OpenAI’s “AI in America” blueprint is really a list of demands for the US government
Framed as a plan for ensuring American superiority in AI, the document warns that overregulation will drive hundreds of billions of dollars to Chinese AI projects.
OpenAI just published a 15-page manifesto titled “AI in America: Open AI’s Economic Blueprint.” But if you read between the lines, the blueprint boils down to a wish list of things that OpenAI wants from the US government:
🚦 Voluntary “rules of the road” instead of federal regulation
⚖️ Exclusion from the patchwork of state AI regulations
🪖 Classified national-security briefings
🚔 Defense, national-security, and law-enforcement contracts
🎟️ Exclusion from any AI regulations if the companies work on national-security applications
📊 Mountains of digitized government data to train its AI on
🍎 Public-school technology-budget dollars
🏛️ State-government-agency contracts
🎓 State-university research dollars
🧪 Federal science-research dollars
©️ Freedom from copyright restrictions
☢️ Fast-track permitting process for nuclear reactors and other energy generation
⚡️ Energy updates and energy infrastructure for powering data centers (including fusion, championed by Sam Altman’s startup, Helion)
🏭 Domestic chip manufacturing
🇺🇸 Federally backed AI-company capital expenditures
And finally, OpenAI says if doesn’t get these things, America just handed AI superiority to the Chinese Communist Party.
Framed as a plan for ensuring American superiority in AI development, the document warns that moving too slowly or regulating the industry too much will drive hundreds of billions of investment dollars to Chinese AI projects. The cautionary tale told by OpenAI is how the UK ceded the automobile boom to the US by overregulating, despite introducing some of the earliest cars.
In the past, OpenAI actually asked the US government to create some regulations for AI, but this document calls for a lighter touch, calling for “common-sense rules of the road,” voluntary AI risk-assessment programs, and “best practices” in place of regulation. In fact, it calls for creating a loophole for AI companies to avoid regulation entirely, if they agree to work on national security with the government (which OpenAI, Meta, and Palantir are already conveniently doing).
It even calls for the government to give classified national-security briefings to AI companies like OpenAI. OpenAI also calls for export controls for frontier AI models to allow use by partners and allies of the US, while limiting access to “adversary nations.”
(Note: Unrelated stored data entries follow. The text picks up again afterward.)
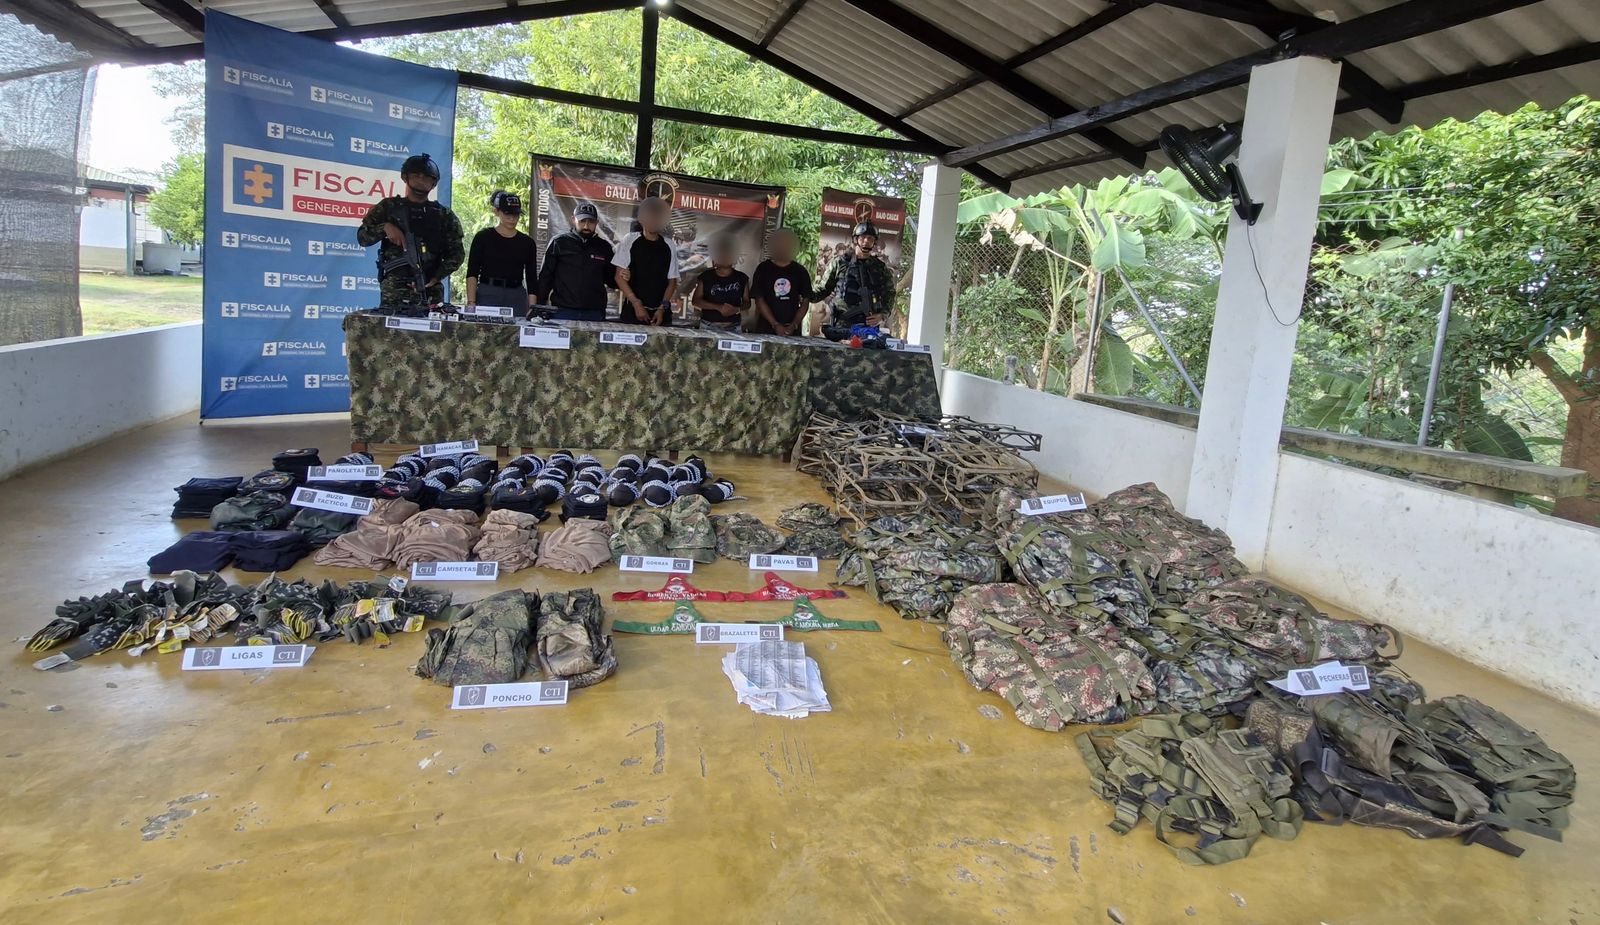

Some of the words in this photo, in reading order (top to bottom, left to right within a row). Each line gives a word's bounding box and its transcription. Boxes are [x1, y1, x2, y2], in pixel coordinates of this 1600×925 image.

[242, 71, 293, 89] FISCALÍA
[327, 89, 374, 106] FISCALÍA
[404, 106, 441, 119] FISCALÍA
[286, 125, 334, 141] FISCALÍA
[366, 139, 409, 153] FISCALÍA
[293, 167, 395, 198] FISCAL
[538, 188, 550, 216] TODOS
[605, 185, 639, 200] GAULA
[681, 195, 720, 211] MILITAR
[296, 200, 355, 215] GENERAL
[537, 218, 548, 229] DE
[240, 233, 291, 246] FISCALÍA
[282, 273, 328, 283] FISCALÍA
[357, 277, 380, 285] FISC
[241, 303, 291, 313] FISCALÍA
[278, 341, 326, 350] FISCALÍA
[237, 374, 288, 383] FISCALÍA
[326, 493, 344, 501] BUZO
[1043, 497, 1067, 505] EQUIPOS
[317, 498, 349, 508] TACTICOS
[762, 629, 776, 637] CTI
[231, 651, 263, 660] LIGAS
[278, 650, 296, 660] CTI
[1319, 673, 1350, 682] PECHERAS
[1351, 672, 1364, 681] CTI
[492, 694, 532, 703] PONCHO
[544, 687, 561, 697] CTI
The document highlights the need to ensure AI companies protect children by “encouraging” ways to prevent child-sexual-abuse material from being created or distributed, along with working closer with law-enforcement agencies. OpenAI also calls for audio and video generated by AI to include “provenance data” to build trust.
Much of this blueprint outlines a sprawling proposal for billions of federal dollars from every corner of federal and state government. From the American public-school system, the document calls for “robust funding for pilot programs, school district technology budgets and professional development trainings that help people understand how to choose their own preferences to personalize their tools.”
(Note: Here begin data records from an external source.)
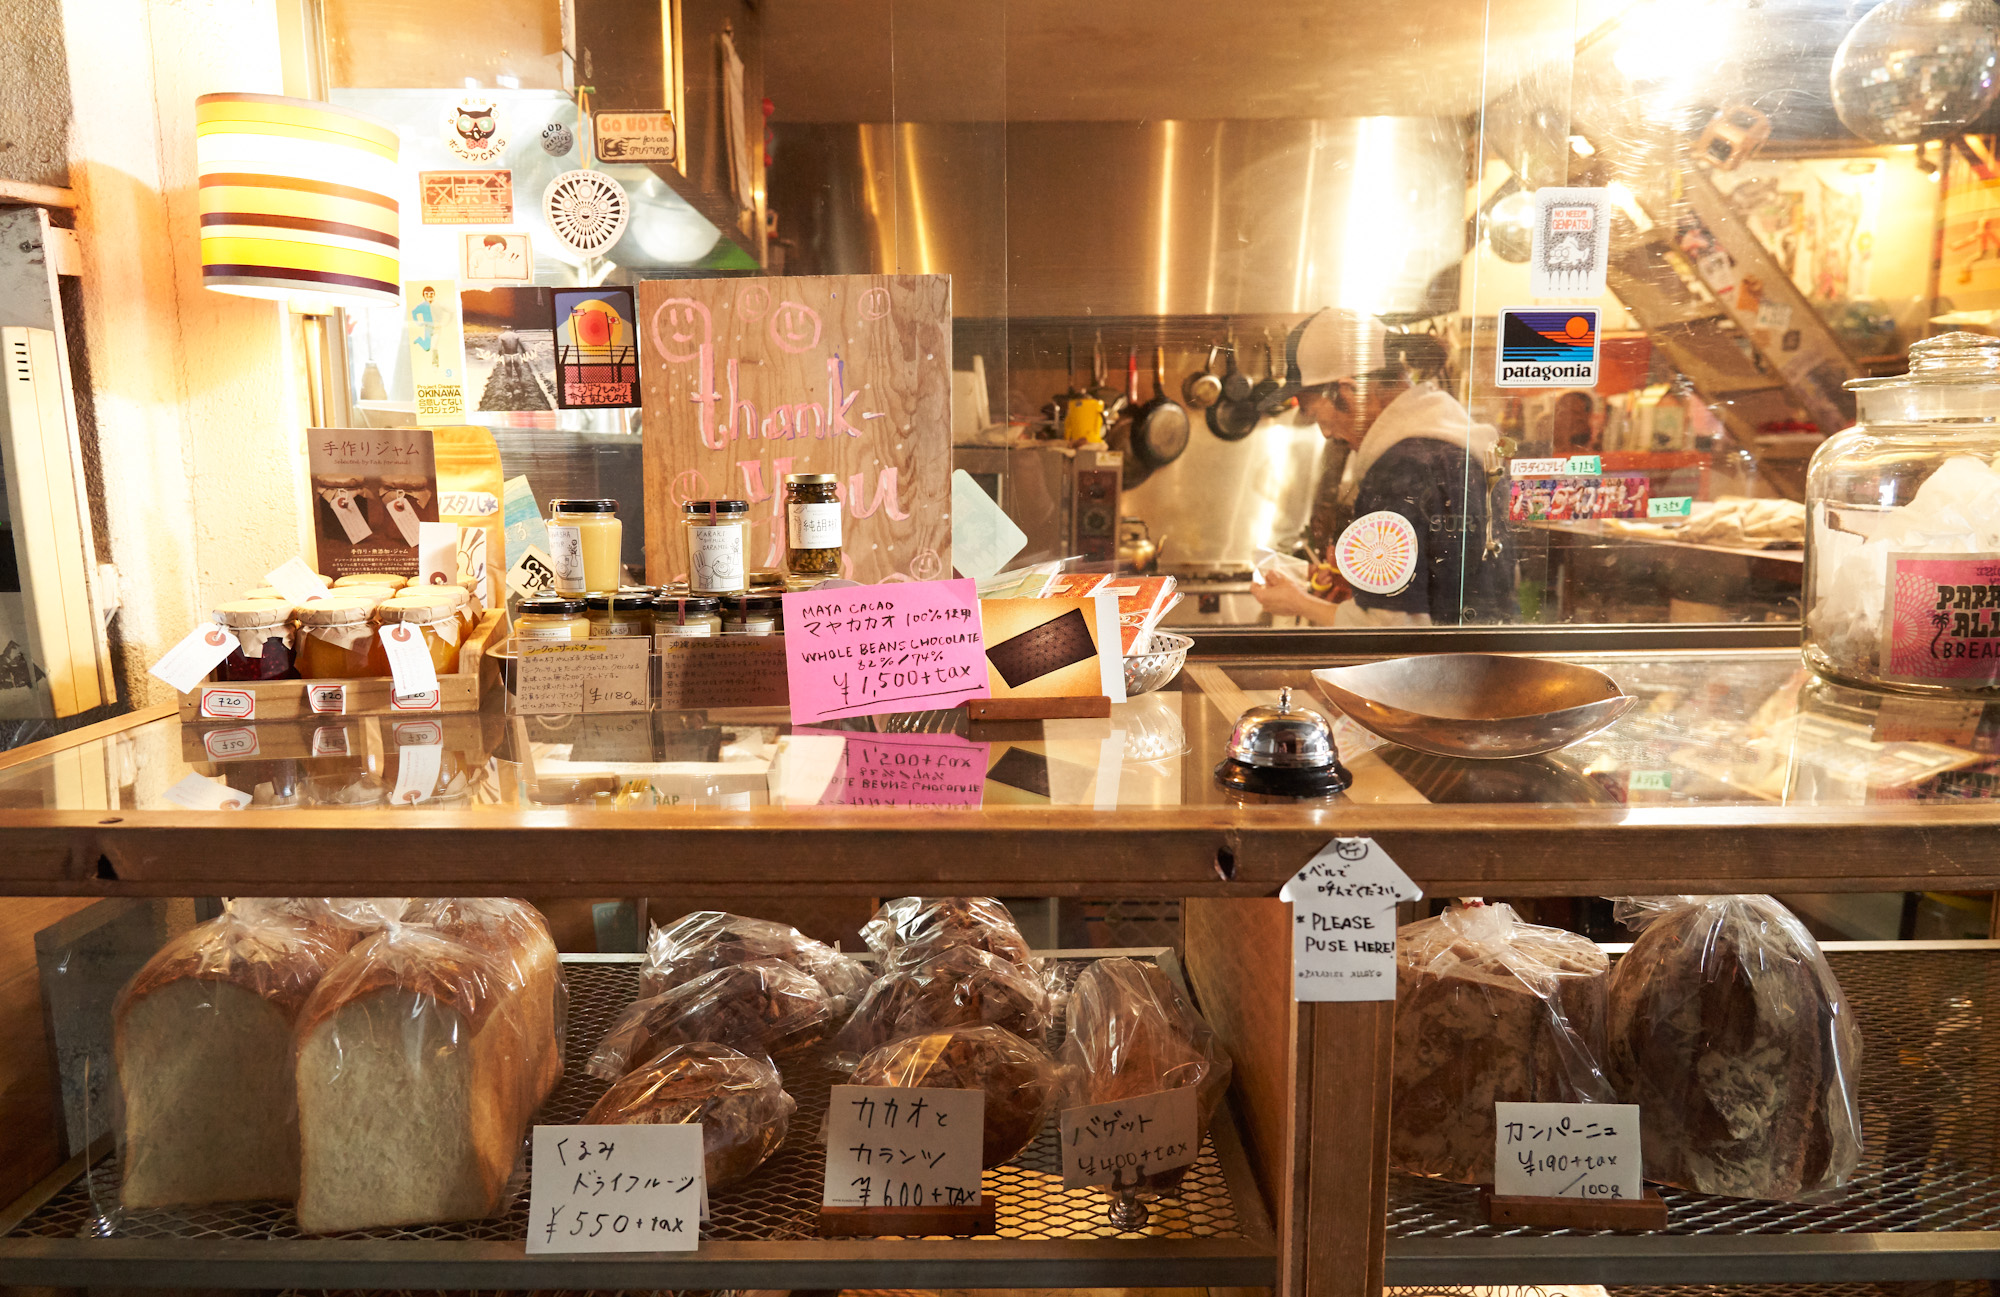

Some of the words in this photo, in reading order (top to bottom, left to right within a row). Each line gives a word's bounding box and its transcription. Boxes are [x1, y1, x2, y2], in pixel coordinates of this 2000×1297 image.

[542, 123, 562, 138] GOD
[600, 117, 622, 132] GO
[626, 116, 671, 132] VOTE
[1554, 209, 1564, 218] NO
[1502, 363, 1592, 382] patagonia
[417, 389, 462, 398] OKINAWA
[419, 406, 463, 415] プロジェクト
[322, 440, 420, 457] 手作りジャム
[802, 603, 843, 619] MAYA
[848, 601, 895, 615] CACAO
[803, 614, 897, 638] マヤカカオ
[905, 608, 972, 628] 100%使用
[802, 645, 852, 664] WHOLE
[858, 640, 906, 656] BEANS
[909, 633, 981, 649] CHOCOLATE
[218, 697, 241, 708] 720
[321, 692, 342, 701] 720
[588, 687, 633, 705] ¥1180
[1309, 863, 1351, 878] ベルで
[1312, 912, 1376, 931] PLEASE
[1305, 936, 1349, 952] PUSE
[1354, 940, 1395, 959] HERE!
[851, 1096, 949, 1129] カカオと
[1073, 1109, 1153, 1147] バゲット
[1505, 1116, 1617, 1145] カンパーニュ
[556, 1138, 615, 1166] くるみ
[849, 1142, 946, 1169] カランツ
[573, 1169, 696, 1197] ドライフルーツ
OpenAI also sees a new market for selling its services to state governments by “supporting experimentation with AI, including by start-ups and smaller AI firms, to identify ways to solve people’s daily hard problems in areas like education and healthcare.”
Infrastructure destiny
In a section titled “Infrastructure as Destiny,” OpenAI opines that the US government has no choice but to help AI companies by building massive amounts of energy infrastructure as well as domestic chip manufacturing. The document suggests that the government should invest in next-generation energy technology, including fusion, which is being pushed by OpenAI CEO Sam Altman’s energy startup, Helion.
Noting the “massive amount” of capital needed for building out the AI infrastructure to ensure America’s domination of the field (Altman has previously floated a $7 trillion figure), OpenAI is calling for “federal backstops for high-value AI public works,” which sounds like a government guarantee of spending that would include classifying AI data centers as “national strategic assets.”
The document says:
“In the AI era, chips, data, energy and talent are the resources that will underpin continued US leadership, and as with the mass production of the automobile, marshalling these resources will create widespread economic opportunity and reinforce our global competitiveness.”